Authored by Blake McShane and Abraham Wyner, two professional statisticians with affiliations in business school, the work is remarkable in more than one way:

  1. It is performed by professional statisticians on an up-to-date network of proxy data (that of Mann et al, PNAS 2008), a refreshing change from the studies of armchair skeptics who go cherry-pick their proxies so they can get a huge Medieval Warm Period.
  2. It uses modern statistical methods, unlike the antiquated analyses that Climate Audit and other statistical conservatives have wanted us to use for a few centuries now. (whether these methods lead to correct conclusions will be investigated shortly).
  3. It makes the very strong claim that climate proxies are essentially useless.

It is the last claim that has justifiably generated a great uproar in my community. For, if it were correct, then it would imply that my colleagues and I have been wasting our time all along – we had better go to Penn State or Kellogg beg for food, as the two geniuses have just put us out of a job. Is that really so?.

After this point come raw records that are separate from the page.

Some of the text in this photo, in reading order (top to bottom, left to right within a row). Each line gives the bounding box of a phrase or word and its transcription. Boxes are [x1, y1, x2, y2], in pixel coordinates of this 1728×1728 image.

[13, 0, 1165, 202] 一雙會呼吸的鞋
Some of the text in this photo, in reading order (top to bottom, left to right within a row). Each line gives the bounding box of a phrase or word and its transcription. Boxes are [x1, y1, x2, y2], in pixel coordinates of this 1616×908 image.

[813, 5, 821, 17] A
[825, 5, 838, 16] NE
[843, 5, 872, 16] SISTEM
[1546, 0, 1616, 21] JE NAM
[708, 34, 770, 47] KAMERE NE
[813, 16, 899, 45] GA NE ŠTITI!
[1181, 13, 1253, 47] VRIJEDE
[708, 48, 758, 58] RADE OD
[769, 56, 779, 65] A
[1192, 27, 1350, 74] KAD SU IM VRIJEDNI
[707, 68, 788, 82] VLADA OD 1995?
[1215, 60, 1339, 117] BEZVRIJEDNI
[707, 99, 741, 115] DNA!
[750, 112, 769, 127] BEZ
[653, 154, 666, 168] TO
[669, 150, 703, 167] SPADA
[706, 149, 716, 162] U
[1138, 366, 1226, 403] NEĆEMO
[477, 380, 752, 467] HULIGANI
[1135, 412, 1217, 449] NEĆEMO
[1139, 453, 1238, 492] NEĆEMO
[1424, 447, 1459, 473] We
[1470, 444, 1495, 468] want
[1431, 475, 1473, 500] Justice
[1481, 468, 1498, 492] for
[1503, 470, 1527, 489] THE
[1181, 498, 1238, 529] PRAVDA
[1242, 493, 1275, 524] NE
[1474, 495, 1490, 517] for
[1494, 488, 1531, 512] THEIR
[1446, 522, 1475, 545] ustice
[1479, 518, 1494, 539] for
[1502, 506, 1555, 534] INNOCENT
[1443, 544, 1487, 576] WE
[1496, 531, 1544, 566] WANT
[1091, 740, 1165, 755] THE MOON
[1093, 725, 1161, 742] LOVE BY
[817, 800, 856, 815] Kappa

Before I start criticizing it, here are a few points I really liked:

  • I agree with their conclusion that calibration/verification scores are  a poor metric of out-of-sample performance, which is indeed the only way we can judge the reliability (“models that perform similarly  at predicting the instrumental temperature series [..] tell very different stories about the past). In my opinion, a much more reliable assessment of performance comes from realistic pseudoproxy experiments: the Oracle of paleoclimate reconstructions. Although they are problems with how realisticthey are at present, the community is fast moving to improve this.
  • Operational climate reconstruction methods should indeed outperform sophisticated nulls, but caution is required here: estimating key parameters from the data to specify the AR models, for instance,  reduces the degree of  “independence” between the null models and the climate signal.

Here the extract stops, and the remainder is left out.